Still, the relentless devastation of the pandemic finally won out. A for sale sign went up in the window of Academy Flowers in November. "COVID-19 killed us," Williams told The Capital at the time. She intended to buy the property and reopen it, another impulsive decision with a purpose.
"Timing is everything," she said.
She didn't get the chance. Williams was diagnosed with lung cancer a week before her death. She dipped into a coma after suffering complications from chemotherapy treatments and never woke up.
Williams had big plans for the new year. She wanted to keep providing the one-of-a-kind floral arrangements that other flower services actively avoided. Each arrangement was unique.

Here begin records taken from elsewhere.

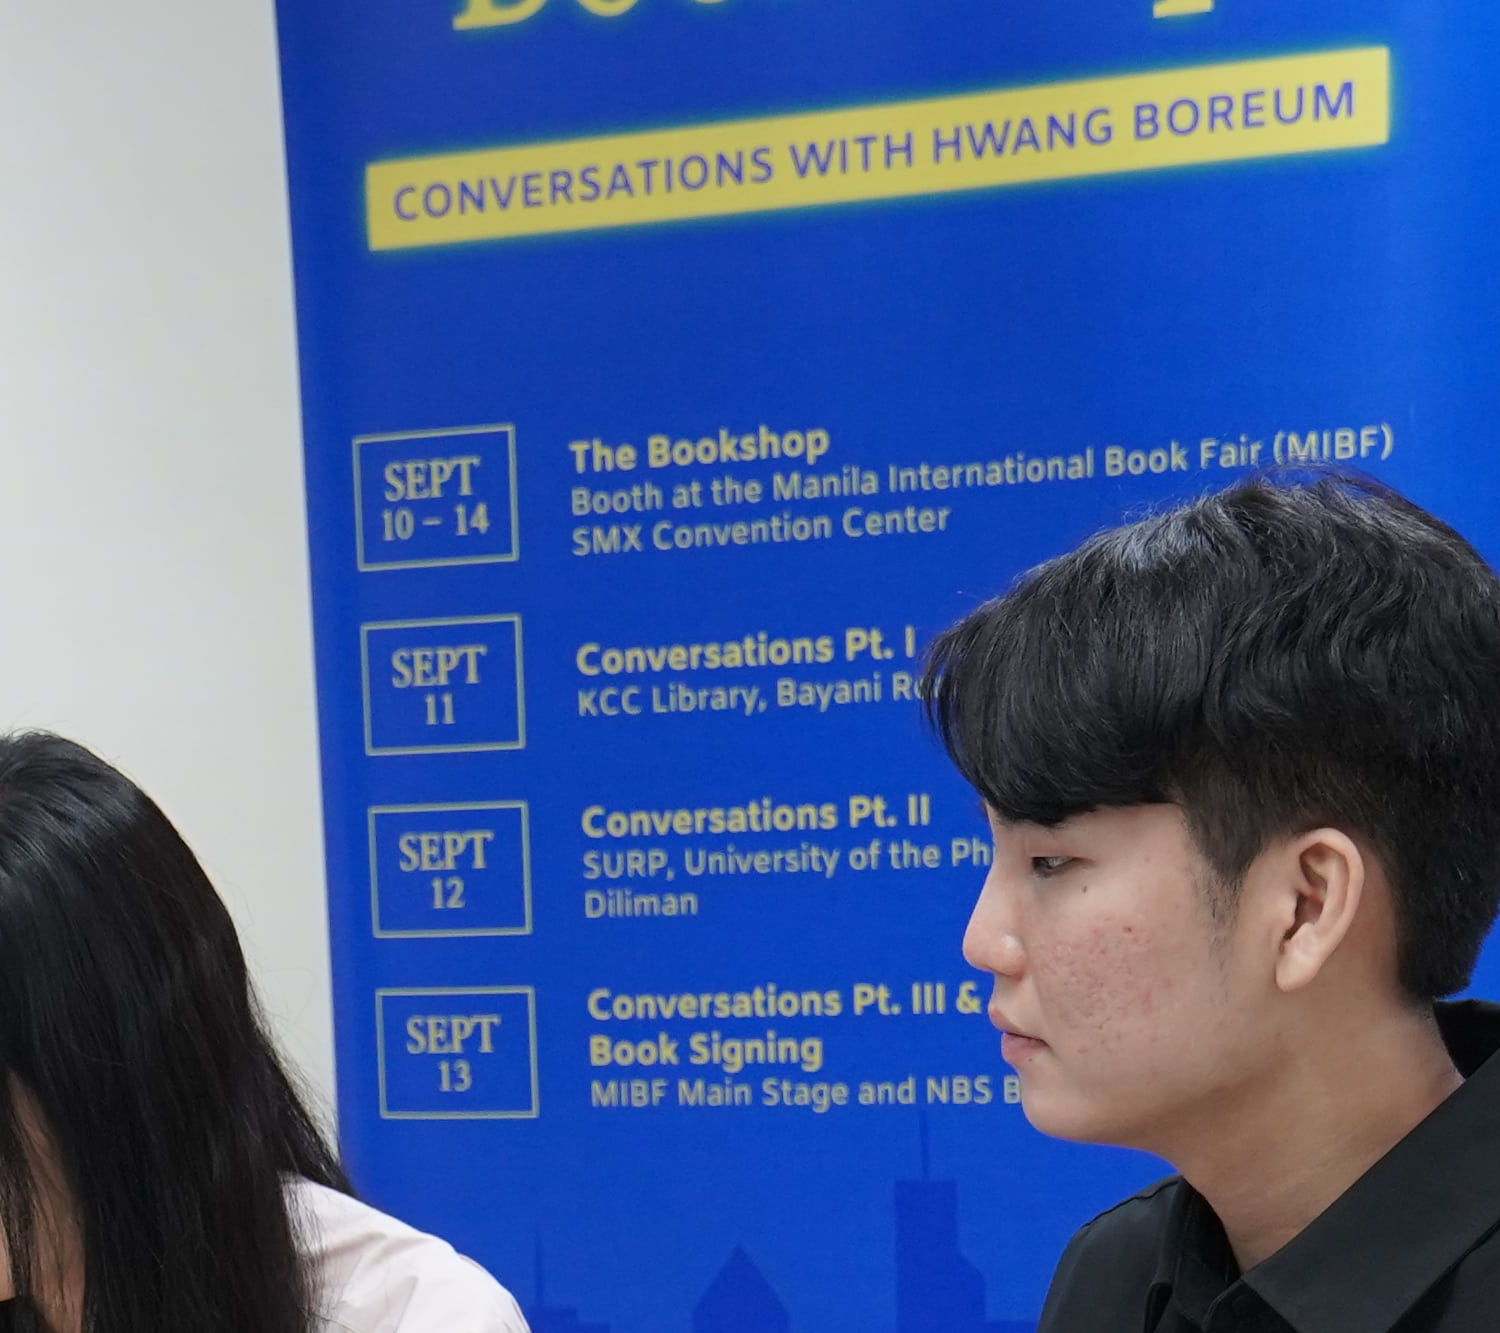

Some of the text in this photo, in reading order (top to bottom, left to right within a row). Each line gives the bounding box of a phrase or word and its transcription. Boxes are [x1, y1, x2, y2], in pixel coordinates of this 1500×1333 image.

[391, 78, 1356, 223] CONVERSATIONS WITH HWANG BOREUM
[568, 425, 830, 474] The Bookshop
[571, 422, 1394, 517] Booth at the Manila International Book Fair (MIBF)
[384, 456, 481, 502] SEPT
[381, 507, 415, 542] 10
[455, 502, 490, 536] 14
[572, 505, 951, 557] SMX Convention Center
[391, 644, 487, 689] SEPT
[575, 625, 916, 676] Conversations Pt. I
[424, 692, 455, 726] 11
[577, 685, 642, 717] KCC
[651, 683, 767, 716] Library,
[776, 672, 882, 713] Bayani
[581, 793, 930, 839] Conversations Pt. II
[398, 830, 495, 873] SEPT
[582, 848, 675, 881] SURP,
[684, 842, 841, 879] University
[848, 838, 882, 871] of
[887, 839, 941, 870] the
[431, 876, 465, 910] 12
[584, 888, 699, 919] Diliman
[587, 981, 982, 1021] Conversations Pt. III &
[406, 1014, 502, 1055] SEPT
[589, 1029, 823, 1074] Book Signing
[439, 1059, 473, 1093] 13
[590, 1078, 668, 1108] MIBF
[677, 1077, 752, 1107] Main
[761, 1077, 850, 1114] Stage
[858, 1076, 916, 1106] and
[926, 1075, 993, 1105] NBS
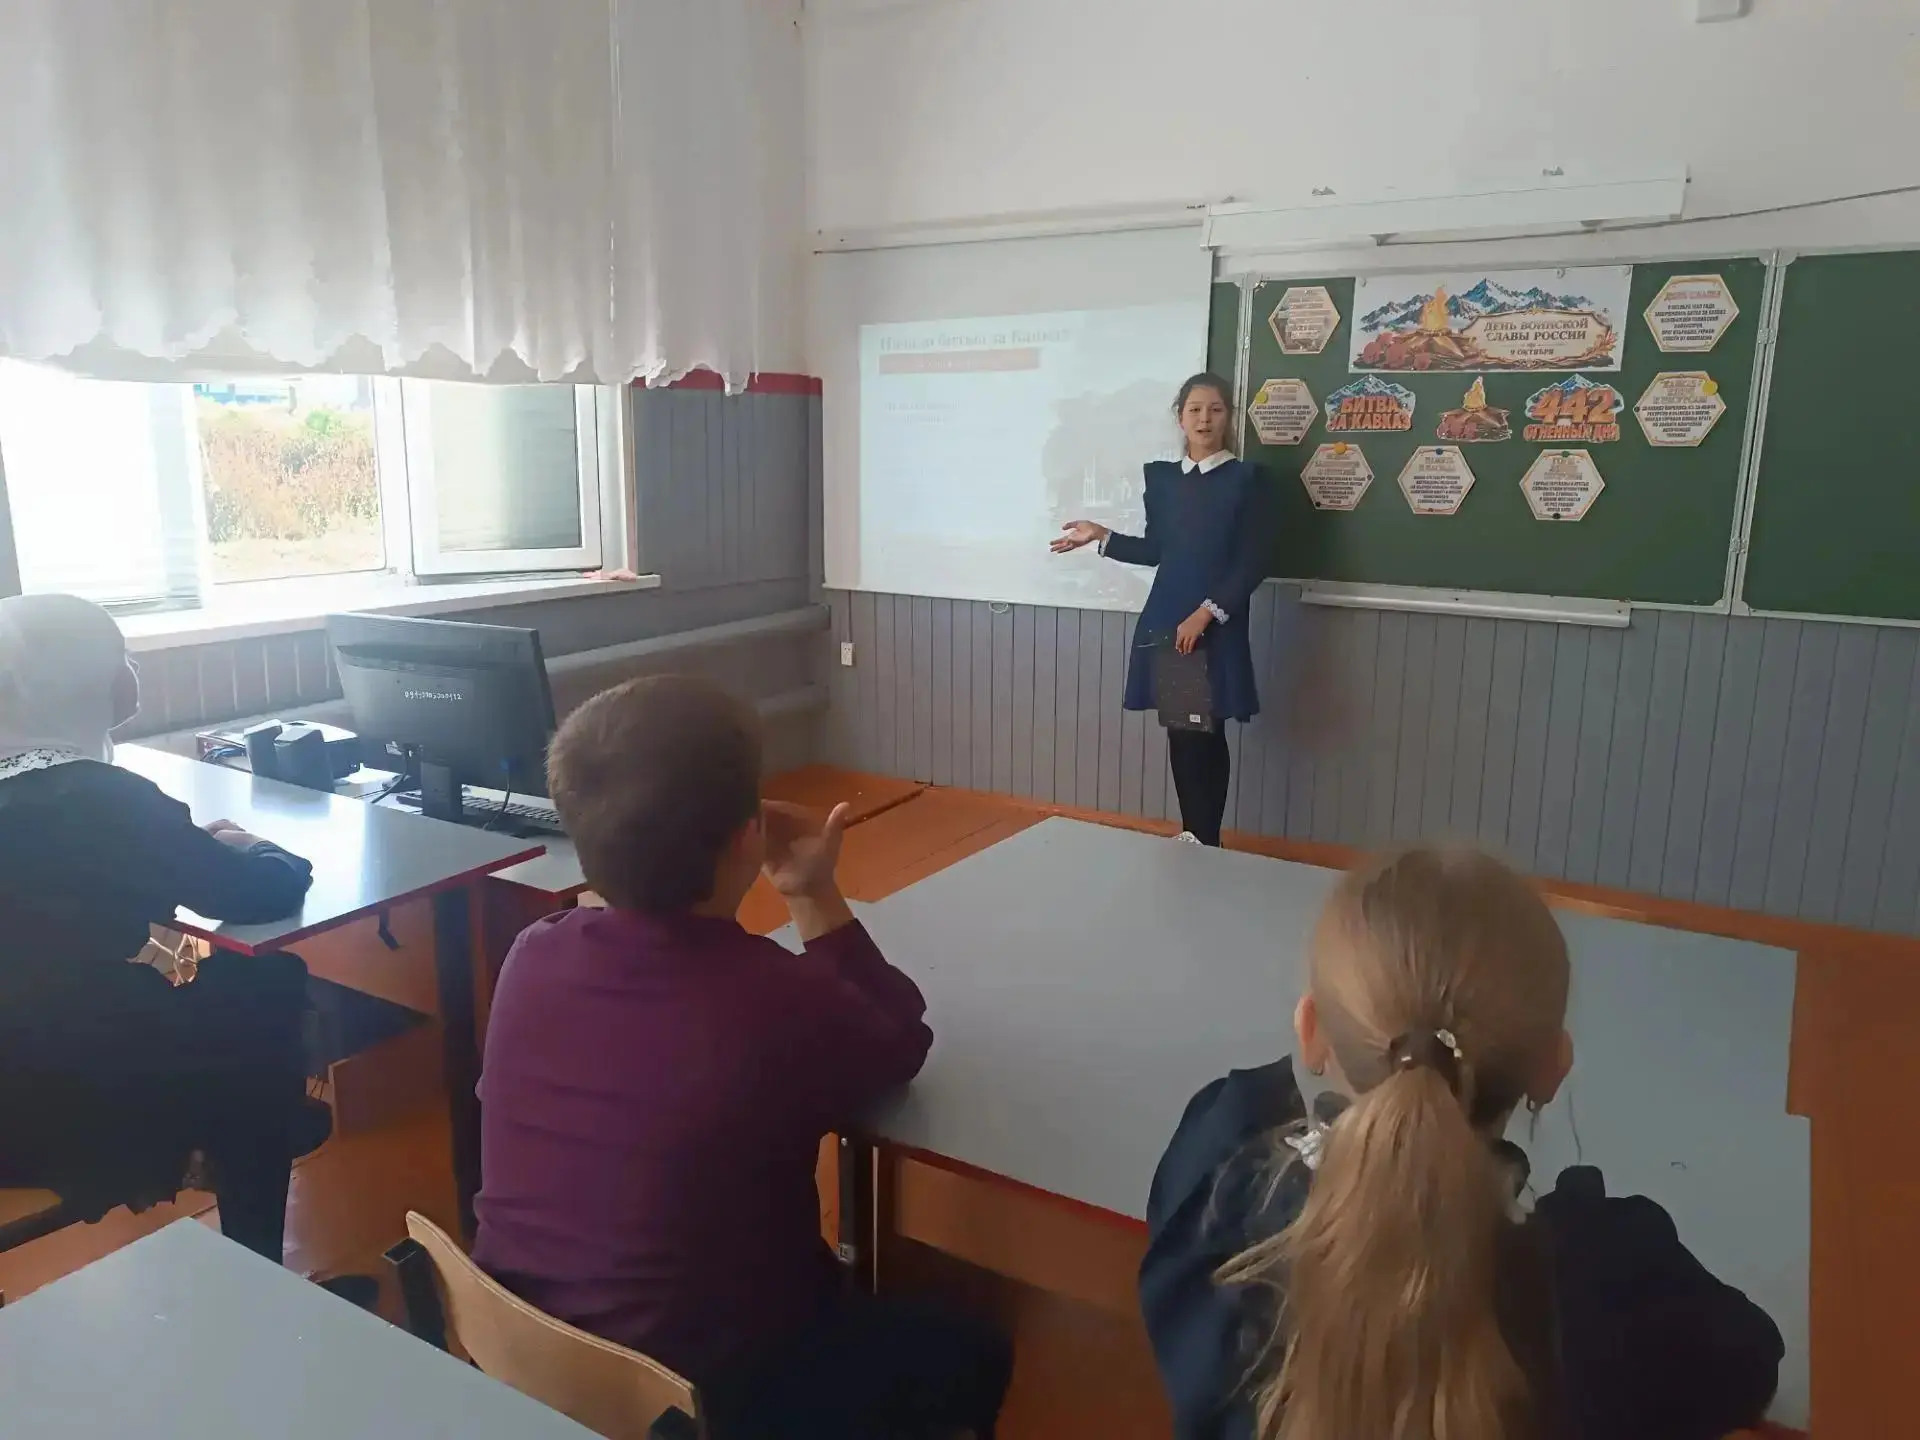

She took pride in giving her customers something they couldn't get anywhere else.
Alderman DaJuan Gay, D-Ward 6, plans to honor Williams at a City Council meeting on Monday.
The Ward 6 alderman, then a student at Annapolis High School, had just started working at the Gateway Florist weeks prior to Williams becoming the owner. The pair grew close as they learned the ropes of the flower business together, Gay said. Later, when he would return home from college, Williams would let him work a shift here and there to make some extra money.
"She was very, very, very generous," he said. "She would help people at their lowest moments, and I think that that is what I'll remember the most."
The family will be holding a memorial service for Williams when the weather gets warmer, her daughter said.